Match Report vs Olympique 23/9/17
This game was our opportunity to say goodbye to a man who has consumed so much factor 50 sunscreen that he has singlehandedly driven up the price by 400% during his two years in Vietnam. A man who had drunk so much beer that his belly was bigger than all of his compatriots (even Edwin). Most of all this was a man who was a rock solid defender (most of the time) and a bloody good guy.
A day like this should be all about remembering the good times… no need to focus on any mix-ups or errors which may or may not have lead to the opposition scoring, events such as that are minor details during victories on momentous occasions such as this. Anyway on with the game…
With Mirko having one to many limoncellos the night before, Pat was forced to sacrifice himself once again for the boys. All of that very, very late night fitness work he’d been doing all for nothing. With Pat between the pipes and a strong lineup on a high from the victory at the seven-a-side tournament, we were confident we would conquer the French, something we hadn’t managed last season. Captain Olly handed the ginger gentleman the armband for his final game, a fitting gesture.

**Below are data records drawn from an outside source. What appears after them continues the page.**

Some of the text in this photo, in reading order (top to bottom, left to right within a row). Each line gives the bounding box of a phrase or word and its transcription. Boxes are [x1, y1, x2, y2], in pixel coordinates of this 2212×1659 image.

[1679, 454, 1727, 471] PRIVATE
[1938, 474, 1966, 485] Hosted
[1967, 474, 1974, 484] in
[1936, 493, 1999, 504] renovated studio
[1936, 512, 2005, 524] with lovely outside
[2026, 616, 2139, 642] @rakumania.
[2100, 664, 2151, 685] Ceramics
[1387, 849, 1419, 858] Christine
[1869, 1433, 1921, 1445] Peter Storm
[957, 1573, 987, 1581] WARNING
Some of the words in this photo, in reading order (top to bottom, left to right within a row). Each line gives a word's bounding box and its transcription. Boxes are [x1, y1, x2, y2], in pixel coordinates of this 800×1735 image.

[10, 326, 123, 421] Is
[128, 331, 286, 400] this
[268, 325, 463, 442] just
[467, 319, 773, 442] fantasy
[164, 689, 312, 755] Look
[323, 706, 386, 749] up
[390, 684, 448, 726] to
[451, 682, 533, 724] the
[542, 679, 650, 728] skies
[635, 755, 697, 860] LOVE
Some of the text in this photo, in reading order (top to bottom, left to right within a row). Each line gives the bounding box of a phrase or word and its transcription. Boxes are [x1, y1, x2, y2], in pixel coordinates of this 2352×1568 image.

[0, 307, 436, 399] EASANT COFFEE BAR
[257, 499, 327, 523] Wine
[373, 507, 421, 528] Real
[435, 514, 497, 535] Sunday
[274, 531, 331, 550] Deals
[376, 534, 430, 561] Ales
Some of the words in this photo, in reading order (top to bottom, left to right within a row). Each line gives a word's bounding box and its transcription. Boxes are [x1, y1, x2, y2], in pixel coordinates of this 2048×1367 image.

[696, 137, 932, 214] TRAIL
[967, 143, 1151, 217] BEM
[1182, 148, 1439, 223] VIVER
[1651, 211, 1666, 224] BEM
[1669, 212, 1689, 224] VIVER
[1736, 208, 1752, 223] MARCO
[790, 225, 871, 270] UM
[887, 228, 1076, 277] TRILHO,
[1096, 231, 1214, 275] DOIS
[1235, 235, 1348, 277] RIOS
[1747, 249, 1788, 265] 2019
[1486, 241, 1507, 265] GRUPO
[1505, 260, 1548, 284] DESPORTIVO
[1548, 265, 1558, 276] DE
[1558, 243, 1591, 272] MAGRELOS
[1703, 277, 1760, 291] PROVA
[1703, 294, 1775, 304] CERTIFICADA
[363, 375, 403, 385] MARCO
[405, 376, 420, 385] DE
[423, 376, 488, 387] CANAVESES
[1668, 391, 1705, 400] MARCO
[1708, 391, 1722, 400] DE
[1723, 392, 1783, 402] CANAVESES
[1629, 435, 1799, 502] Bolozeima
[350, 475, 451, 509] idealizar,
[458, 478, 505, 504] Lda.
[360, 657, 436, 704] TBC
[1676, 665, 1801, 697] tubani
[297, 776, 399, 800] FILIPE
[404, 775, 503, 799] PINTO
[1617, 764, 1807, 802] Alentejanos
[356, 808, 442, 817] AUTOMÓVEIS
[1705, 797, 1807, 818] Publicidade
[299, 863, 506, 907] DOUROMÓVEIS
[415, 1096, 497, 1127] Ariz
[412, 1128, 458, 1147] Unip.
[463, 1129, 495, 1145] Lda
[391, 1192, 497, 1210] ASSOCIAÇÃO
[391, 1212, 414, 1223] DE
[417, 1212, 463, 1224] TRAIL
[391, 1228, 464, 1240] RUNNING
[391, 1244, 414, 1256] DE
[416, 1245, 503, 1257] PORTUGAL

Raiders were on top throughout the first half and attacked the French goal almost relentlessly. Despite having more chances than grey hairs on Craig’s head we couldn’t find a breakthrough and were almost caught out when Olympique hit the post. Half-time came and it was 0-0, but we were looking good.
Jerry’s replacement as vice-captain Soggy gave a rousing half-time team talk and we went back out ready to break the deadlock. It didn’t take long and that man Hoggba charged down the right wing and whipped in a beauty of a cross which Rick met and powered home. A well deserved lead which unfortunately wouldn’t last too long…
A few moments later Pat played out a strong back pass to Olly who had a huge gap in front of him to power into, he accelerated towards the ball and had the opposition striker beaten. It was at the point I decided to light up a cigar and have a well-earned rest, I’d decided to let the big man charge up field whilst I chill out and cover.
But wait… what-the-f*** he’s stepped over the bloody ball, oh sh!t, best put that cigar out. As I tried to recover from shock I realised I had two Frenchmen on my case and needed to get rid of the ball ASAP, no worries I thought, Ollie will drop back and give me an option, we’ve been practicing that banana formation for a while right? Before I could do anything about it, the hours of training had taken over and I’d passed it back towards the centre of defence, however, there was no fruity saviour in sight, only a Frenchman who latched on to my banana split of a through ball and drilled it past Pat from an acute angle.
With not long left the pressure was on for the Raiders to open the season with 3 points, we’d need our forwards to start being less Emile Heskey, more Harry Kane. There are rumours that after witnessing some of the finishing on display, Colin will be abandoning all fitness training and will instead be devoting all training time to much needed finishing practice. Eventually we managed to snatch a winner with Clem powering in a header, relief at last, for some more than others. We continued to attack the French as the game wore on and we could have scored a couple more, although, they did have a couple of chances of their own and in the end 2-1 was a fair result.
At some point in the game, when the referee had a break from the French screams he managed to find the time to book one of our players due to the offence of wearing leggings in recent matches. Well done to that man for not wearing them this week, long may it continue.
At the end of the game Jerry’s final game, tears were streaming down his face which by now was red as his beard and his shirt. Thanks for everything Uncle Jerry, we’ll miss ya. On to next week and another step closer to that quadruple!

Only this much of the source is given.